Powered By Blogger

Sunday, March 27, 2011

My 2011 and at 35…




I know that new opportunities will arise for me this year, resulting in a positive turn for my career. I know that I will learn to master my energy to meet my goals. I know that I am good at taking leadership, and make it deep, transforming changes and tap into this abundant energy in a new and dynamic ways. Even though I may feel pulled to accomplish great things, I will still be able to keep balance in my personal life and my energy alive and renewed.

Amidst this change, I will be able to remain mentally focused. I may become more methodical and practical than usual in managing my responsibilities. Stopping to think things through carefully will impact me and my surroundings in a very profound and positive way. I seized the opportunity to think things through during the past few months. Even though I enjoy beginning new projects, I still make sometime to relax a bit to complement my natural tendency towards activity, both physically & mentally.

As I successfully achieve my goals this year, it is important to maintain a watchful eye over the security of my family.

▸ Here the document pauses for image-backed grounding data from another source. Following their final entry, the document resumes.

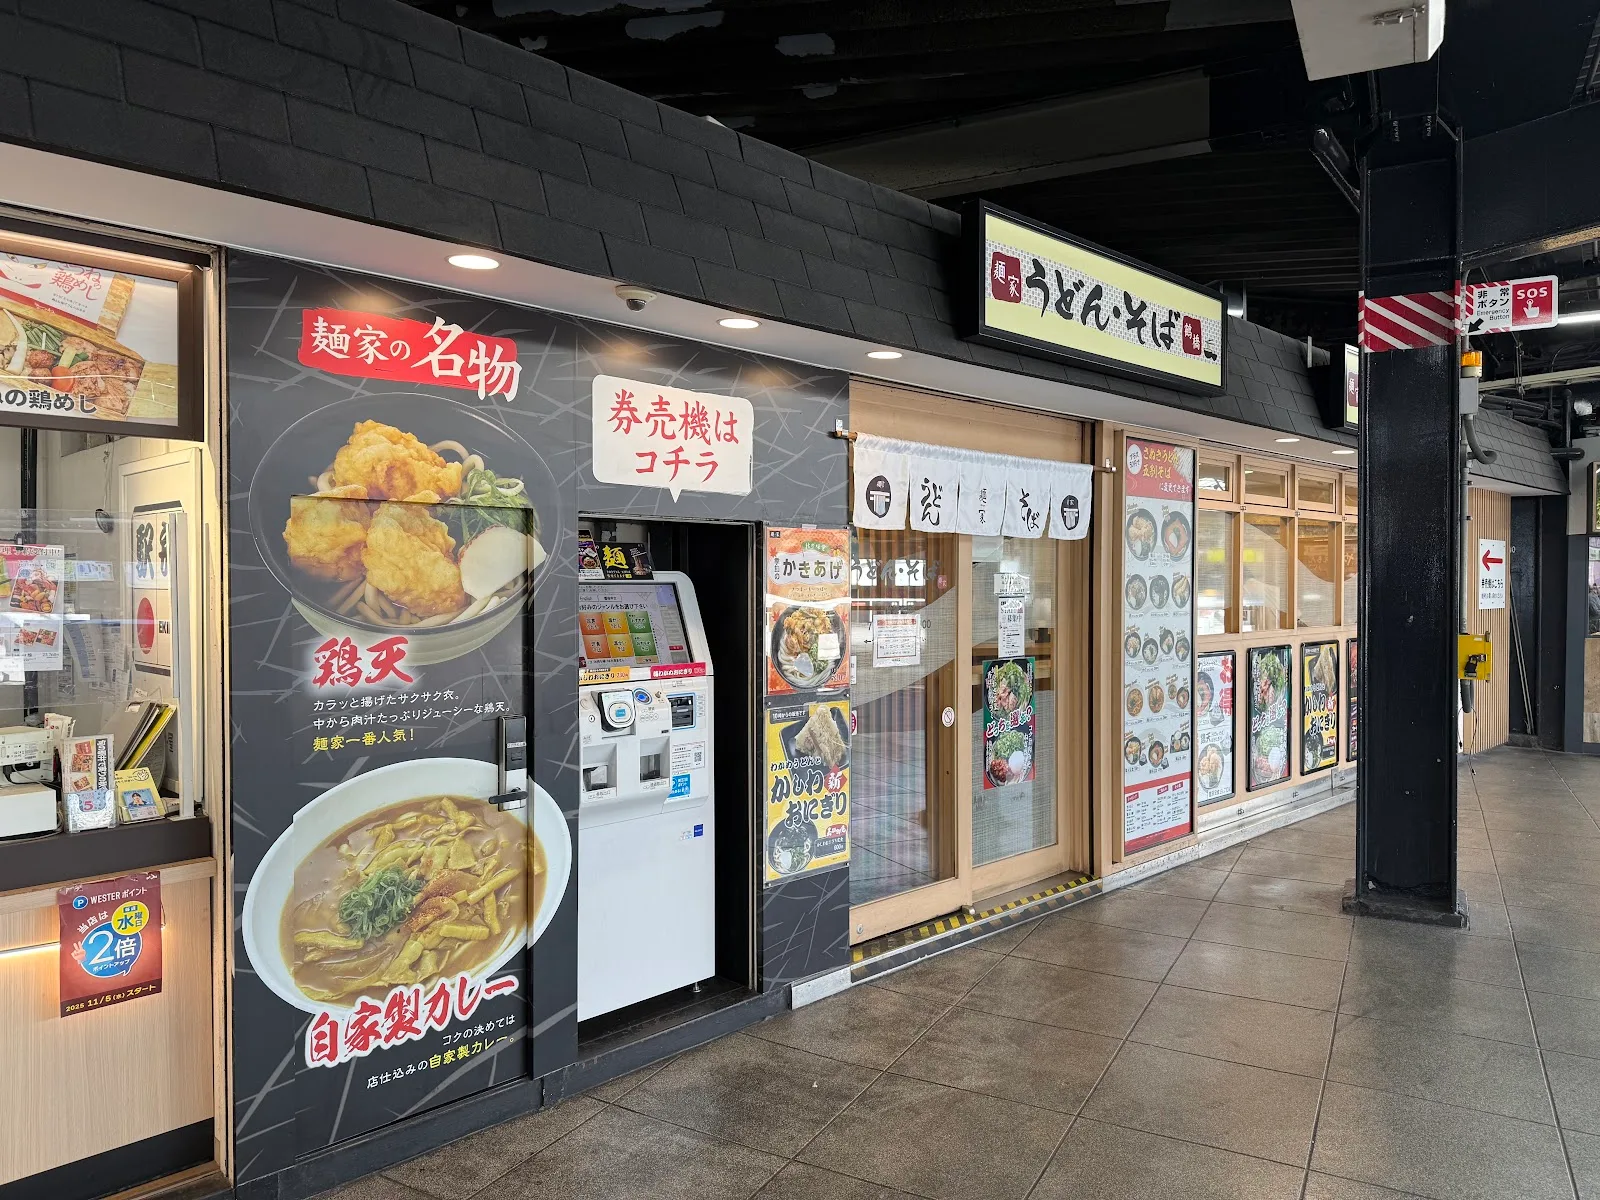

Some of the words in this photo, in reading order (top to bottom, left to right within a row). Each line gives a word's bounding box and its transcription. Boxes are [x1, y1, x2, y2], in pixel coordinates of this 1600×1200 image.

[994, 259, 1019, 298] 麺家
[1477, 287, 1510, 299] 非常
[1517, 286, 1548, 299] SOS
[1025, 258, 1181, 350] うどん・そば
[1476, 308, 1510, 316] Emergency
[1477, 298, 1510, 309] ボタン
[310, 316, 523, 402] 麺家の名物
[607, 388, 739, 446] 券売機は
[635, 445, 719, 483] コチラ
[1143, 446, 1179, 465] さぬきうどん
[920, 477, 944, 526] うどん
[783, 558, 844, 580] かきあげ
[312, 636, 414, 689] 鶏天
[312, 689, 460, 711] カラッと揚げたサクサク衣。
[312, 701, 511, 731] 中から肉汁たっぷりジューシーな鶏天。
[770, 768, 825, 804] かしわ
[827, 771, 843, 791] 新
[784, 791, 848, 829] おにぎり
[90, 891, 121, 904] WESTER
[121, 886, 148, 898] ポイント
[76, 910, 109, 934] 当店は
[88, 930, 137, 966] 2倍
[92, 958, 131, 972] ポイントアップ
[126, 984, 156, 998] スタート
[309, 976, 516, 1063] 自家製カレー
[442, 1014, 516, 1046] コクの決めては
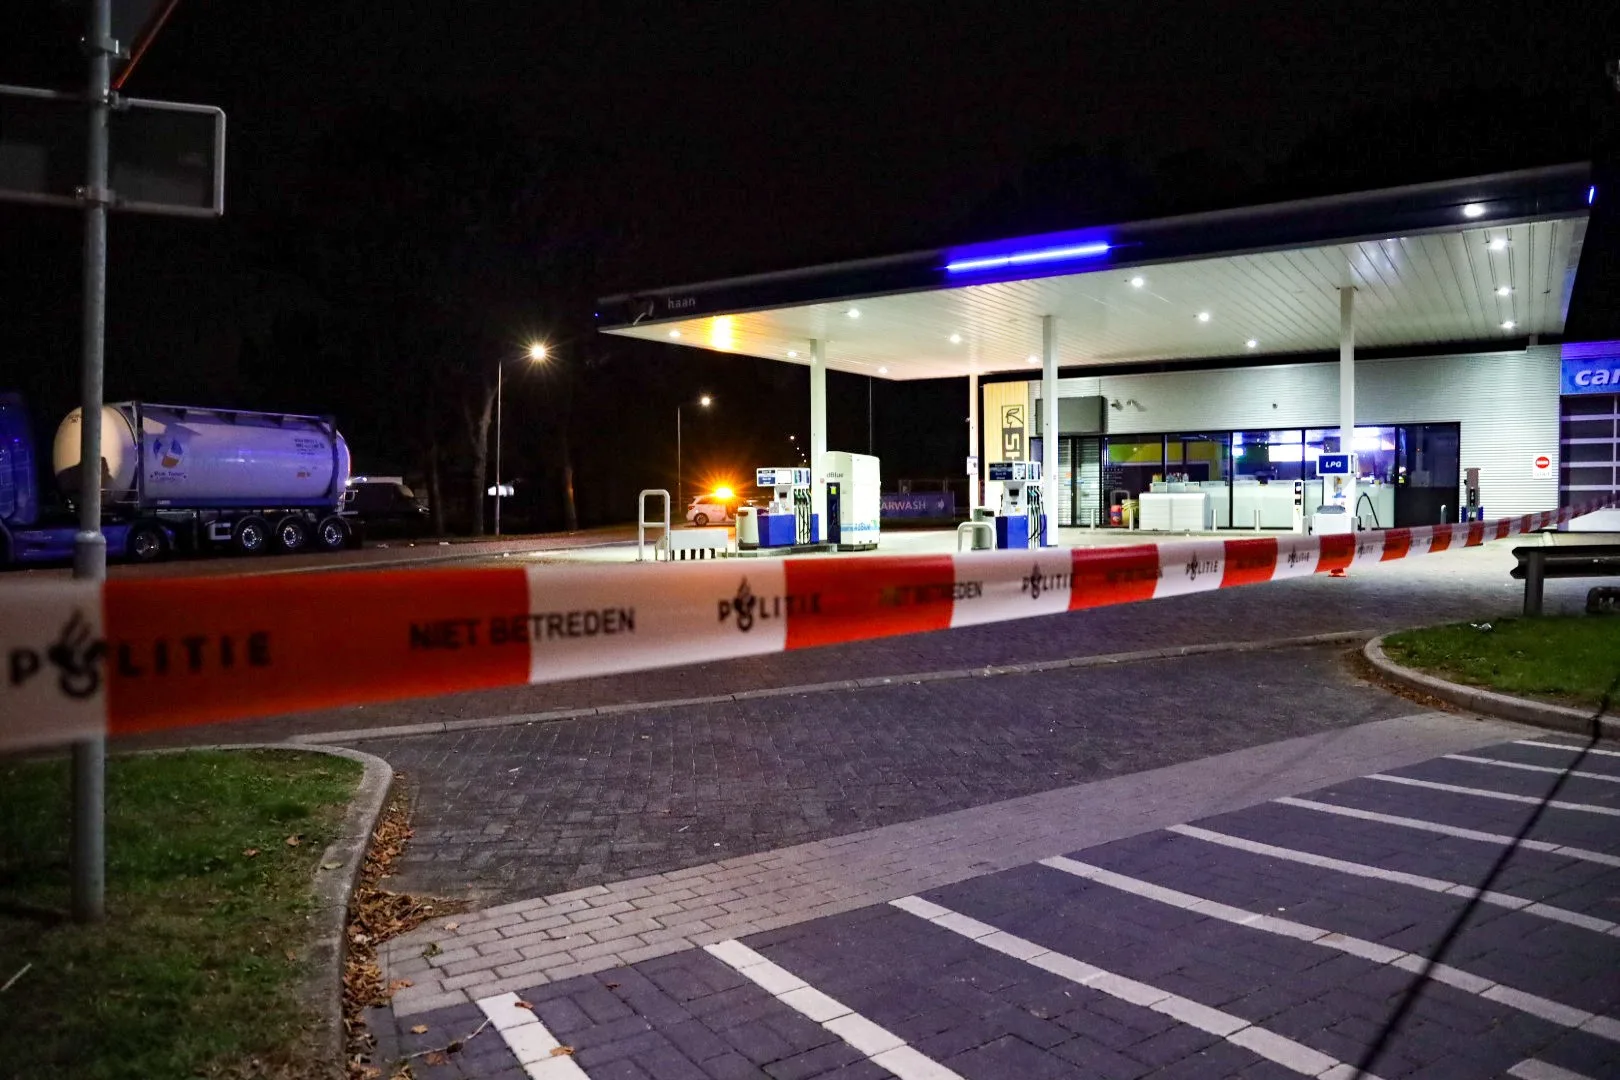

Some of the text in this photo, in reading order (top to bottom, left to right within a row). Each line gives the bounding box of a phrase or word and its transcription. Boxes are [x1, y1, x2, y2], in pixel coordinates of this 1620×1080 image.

[667, 296, 697, 309] haan
[1575, 368, 1620, 386] car
[881, 500, 926, 510] ARWASH
[717, 580, 822, 632] POLITIE
[409, 607, 635, 649] NIET BETREDEN
[9, 612, 273, 699] POLITIE

I may find myself doing abrupt changes in my life and still take pleasure in spending more time and energy enjoying the creature comforts I have created. I will cultivate good relationships through the end of the year with my business associates and real friends whom I know for sure will reflect positive changes in my life. I have a will to enjoy socializing more than usual. I will be networking and connecting with different types of people from all over the world and it gives me the feeling like a breath of fresh air. As my career takes off, it will be much easier than usual to express myself with warmth and charm.

Because of major shifts in my long term plans of career, luck and good fortune will definitely smile upon me in this area of my life and I will be rewarded for all my hard work. For I know that new avenues of expression and opportunities will open up and I will definitely feel support, inner strength and courage from those people who still believes in me.

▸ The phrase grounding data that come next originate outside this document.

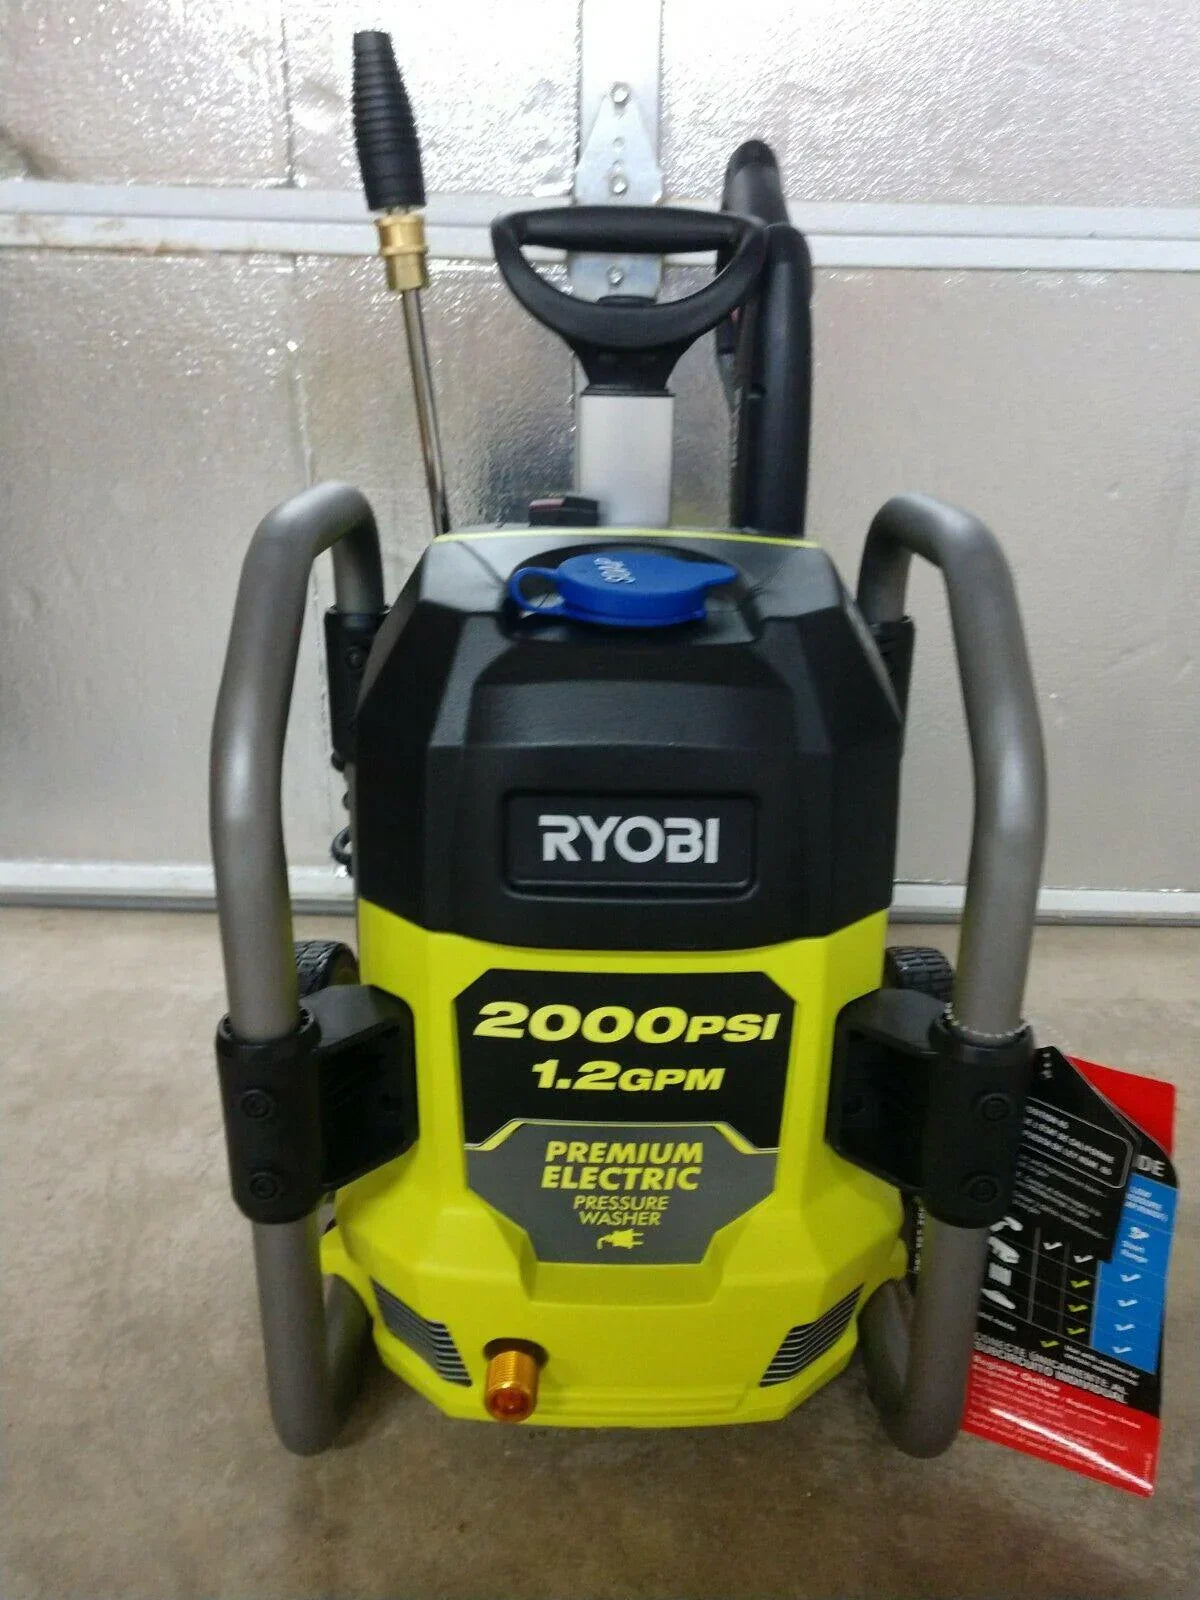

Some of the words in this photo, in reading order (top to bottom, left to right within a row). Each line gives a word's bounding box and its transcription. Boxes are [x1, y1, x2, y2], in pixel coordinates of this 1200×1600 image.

[538, 814, 720, 864] RYOBI
[545, 1141, 703, 1164] PREMIUM
[541, 1165, 701, 1190] ELECTRIC
[573, 1194, 668, 1211] PRESSURE
[579, 1210, 662, 1226] WASHER

The time has come for a fresh start, I formulated plans to get back on track and make the necessary decisions. I know that I will experience deep philosophical changes around work and career that cause me to reevaluate my present situation and motivate myself to make choices on the best path to follow. I will find support to be able to communicate with clarity and purpose in defining myself worth and my needs.

I possess an active and dynamic will, and I hope this year especially will bring me an abundant amount of energy to support my contemplating beginning new projects. I am very capable in accomplishing what I set out to do and I can see the stars shines brightly to support any changes I decide to make. My success will carve out a beautiful path of recognition and a positive reputation. Staying on target with my goals should be easy and I will effortlessly climb up to the top of my goals to achieve great success. I will learn new ways to express my strong determination to succeed and that’s what I intend to keep…

I am for myself alone and I do write as I please for I feel what I think & think what I feel.

Monday, March 14, 2011

An Option



My son is now 7 years old and never actually experience having a father or a father-figure in the house. I sometimes wonder how it is like to have his dad with us. Sharing same things together and joining activities in school such us Family Day.

My son is requesting for a baby sister or a brother. He said he’s gonna be kuya (big brother) and would take good care of the baby. I asked him how will I do that? He said, “Get a new honey like my dad!” I told him that if I’ll do it, then he won’t be sharing the same bed with me. Then he said, “That’s impossible!” As if he knows what it meant!

After leaving my son’s dad, I never really looked at the guy the way every woman should. I started to despise them. Don’t get me wrong tho… I don’t hate man that much, matter of fact, I can be really friendly. But every time a guy reveals their feelings for me, I don’t know but there’s this thing inside me that is automatically reacting… blocking them and when it happens, I change my reactions towards them and I am often times rude as in very, very rude.

Getting a man to fall in love with me is not hard but having myself fall for a guy is tougher. I always see small things or I am probably looking for ways that will make me stop seeing them. Finding faults is easy, appreciating is grueling! I don’t know. But shit happens or I just am not really into it, I guess. I don’t want the guy to control me. I don’t want to be his shadow. I don’t want to depend on guys and I certainly don’t want the guy to depend on me.

Well, I fell for guys several times in the past, I can’t say never again but who knows? It may not be bad after all…  “Commitment is the component of love”. I don’t know if I can commit nor fall in love.

But…

Giving the benefit of a doubt, I came up with the conclusion to give myself a chance to meet guys again. Perhaps even go beyond my wildest dream. Get to know them again. Maybe it’s time to meet them half way. Maybe this stubborn heart will fall in love again. I don’t know how I will teach my heart to do that but I am sure that I have to change my mind first before I’ll have a change of heart. 

“Dating guys again is just an option but it does not guarantee anything. Girls still have the biggest advantage in my life!”